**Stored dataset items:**
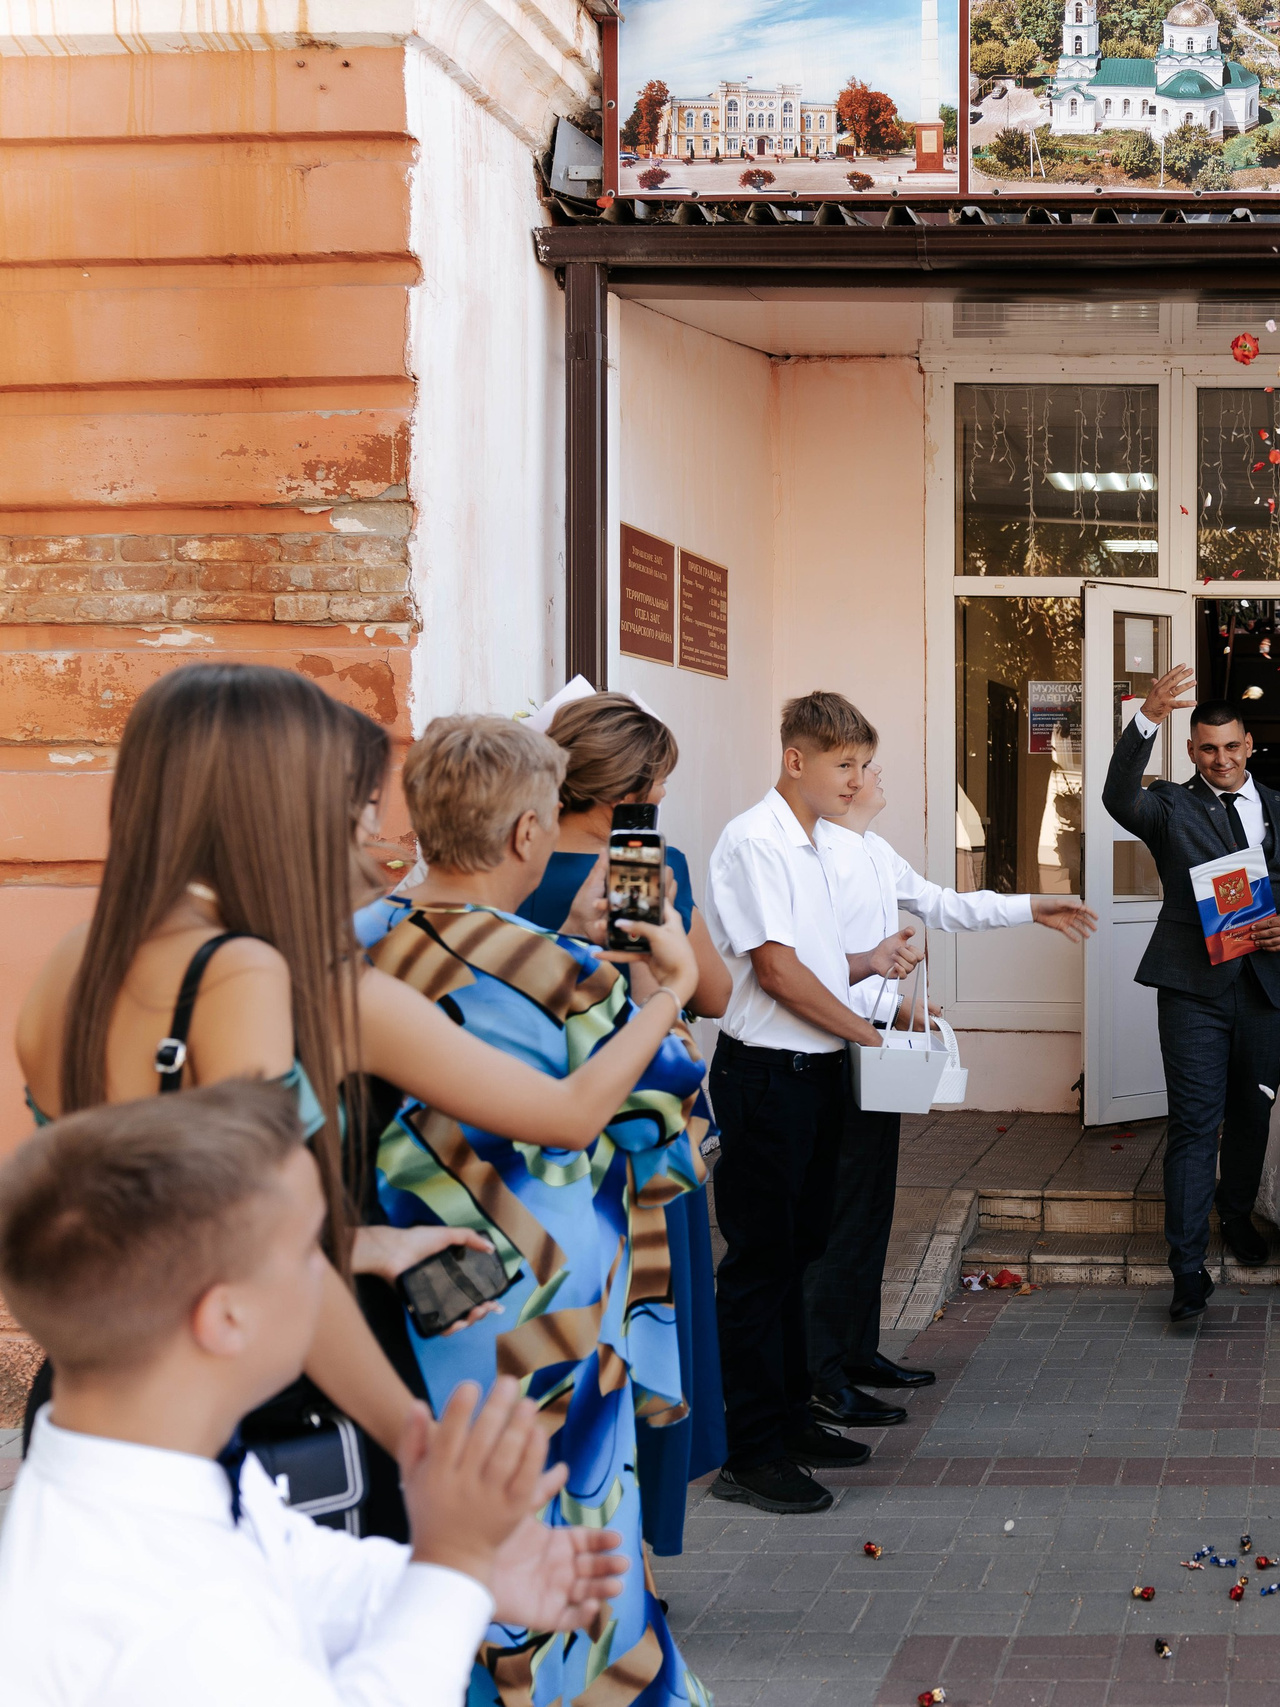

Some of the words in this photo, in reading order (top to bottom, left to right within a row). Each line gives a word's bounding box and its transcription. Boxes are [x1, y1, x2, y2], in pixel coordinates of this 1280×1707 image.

[626, 588, 669, 611] ТЕРРИТОРИАЛЬНЫЙ
[634, 607, 650, 621] ОТДЕЛ
[650, 612, 661, 625] ЗАГС
[621, 619, 655, 639] БОГУЧАРСКОГО
[654, 628, 673, 644] РАЙОНА
[1032, 694, 1075, 702] РАБОТА

**To do:** When you copy the data, keep every line exact and drop the pictures.

**Finished exercise:**
Some of the words in this photo, in reading order (top to bottom, left to right within a row). Each line gives a word's bounding box and its transcription. Boxes are [x1, y1, x2, y2], in pixel coordinates of this 1280×1707 image.

[626, 588, 669, 611] ТЕРРИТОРИАЛЬНЫЙ
[634, 607, 650, 621] ОТДЕЛ
[650, 612, 661, 625] ЗАГС
[621, 619, 655, 639] БОГУЧАРСКОГО
[654, 628, 673, 644] РАЙОНА
[1032, 694, 1075, 702] РАБОТА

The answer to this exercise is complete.